La NASA a commencé à éteindre discrètement des dizaines de ses comptes X (anciennement Twitter) dédiés à ses missions scientifiques, comme ceux des rovers Curiosity et Perseverance, ou encore du mythique duo Voyager. En tout, au moins 23 comptes liés à la Science Mission Directorate (SMD) disparaîtront ou seront fusionnés. L’agence justifie cette décision par le besoin de « rationaliser » une présence devenue tentaculaire : plus de 400 comptes, dont 300 pour la seule SMD.
Robots muets
Certains y voient un ajustement nécessaire, en évoquant une opération « attendue depuis longtemps ». D’autres s’inquiètent : la suppression de ces comptes revient à réduire les canaux d’accès à des missions passionnantes et très suivies. Le compte @MarsCuriosity comptabilise ainsi plus de 4 millions d’abonnés, et continue pour l’instant de poster ses « meilleurs souvenirs » avant sa mise en sommeil. Même tonalité pour @NASAVoyager ou @NASAPersevere, qui partagent leurs « moments forts » avant de céder leur place aux canaux principaux de la NASA.

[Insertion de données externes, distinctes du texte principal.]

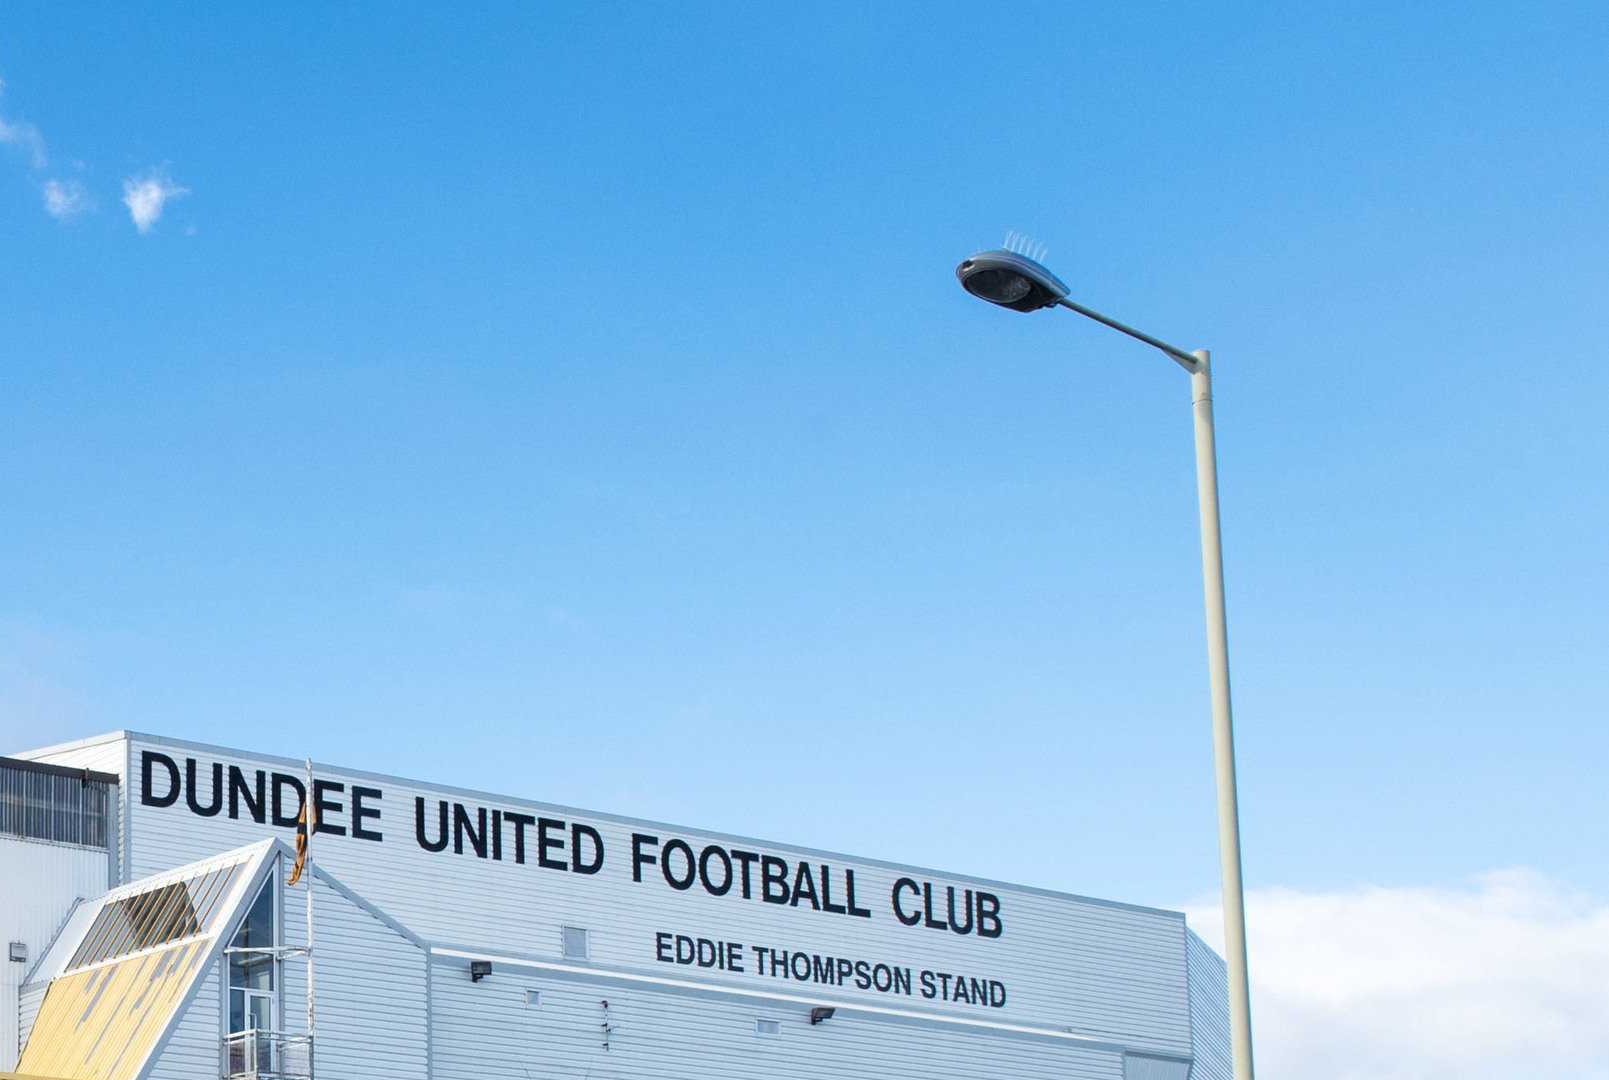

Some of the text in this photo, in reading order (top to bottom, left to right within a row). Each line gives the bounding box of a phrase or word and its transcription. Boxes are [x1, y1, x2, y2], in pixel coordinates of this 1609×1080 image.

[141, 750, 1003, 939] DUNDEE UNITED FOOTBALL CLUB
[655, 931, 1006, 1008] EDDIE THOMPSON STAND
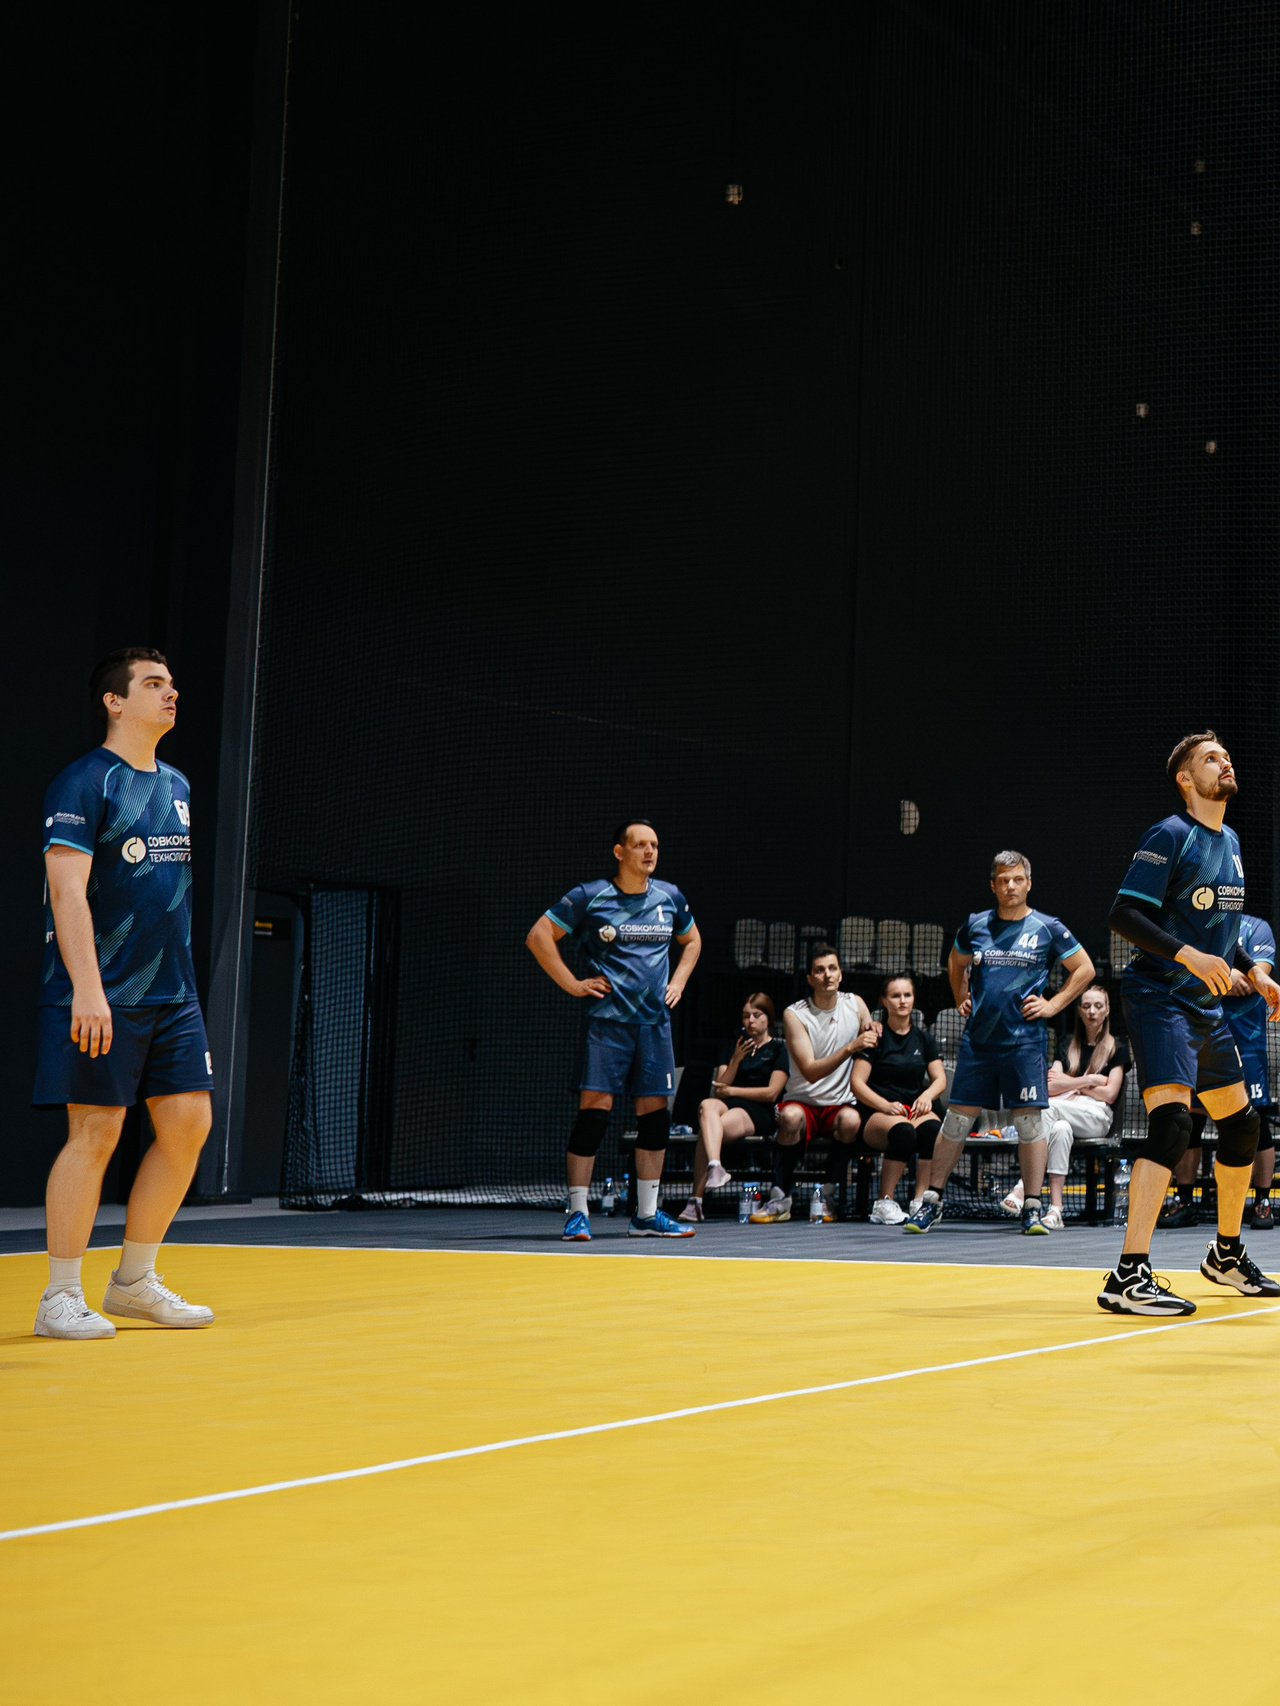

Mais tous ces robots ne sont pas silencieux pour autant : les missions continuent sur le terrain — ou plutôt dans l’espace. Il faudra désormais suivre leurs évolutions via les comptes généralistes de l’agence, jugés plus lisibles par les communicants. Un changement de ton qui déplaît à certains chercheurs pour qui cette uniformisation est une erreur : « Le propre des réseaux sociaux, c’est de permettre aux voix singulières de toucher leur propre public », affirme ainsi l’astrophysicien Jonathan McDowell.
Derrière cette restructuration numérique se cache une coupe bien réelle. Le budget 2026 proposé par Donald Trump prévoit de réduire de près de 25 % les fonds alloués à la NASA, dont près de la moitié pour les programmes scientifiques. Résultat : plus de 40 missions actuelles ou en développement pourraient être supprimées, à commencer par Voyager, Orion ou la très attendue mission de retour d’échantillons martiens (Mars Sample Return).
Le bureau des communications est lui aussi dans le viseur, avec un budget quasiment divisé par deux, passant de 76,2 à 33,8 millions de dollars. L’objectif affiché : centraliser les fonctions à Washington, réduire les échelons intermédiaires et automatiser les tâches de routine.
Ce climat budgétaire délétère ne touche pas que la NASA. Le site Climate.gov, portail de la NOAA sur le climat, devrait également fermer après le licenciement de la quasi-totalité de son équipe. Pour beaucoup d’observateurs, ces coupes traduisent une volonté plus large de restreindre la visibilité des sciences publiques aux États-Unis.
Une stratégie assumée dans les chiffres, mais qui fait grincer des dents chez les passionnés de l’espace. Les robots continueront d’explorer les confins du système solaire, mais on n’en entendra plus vraiment parler.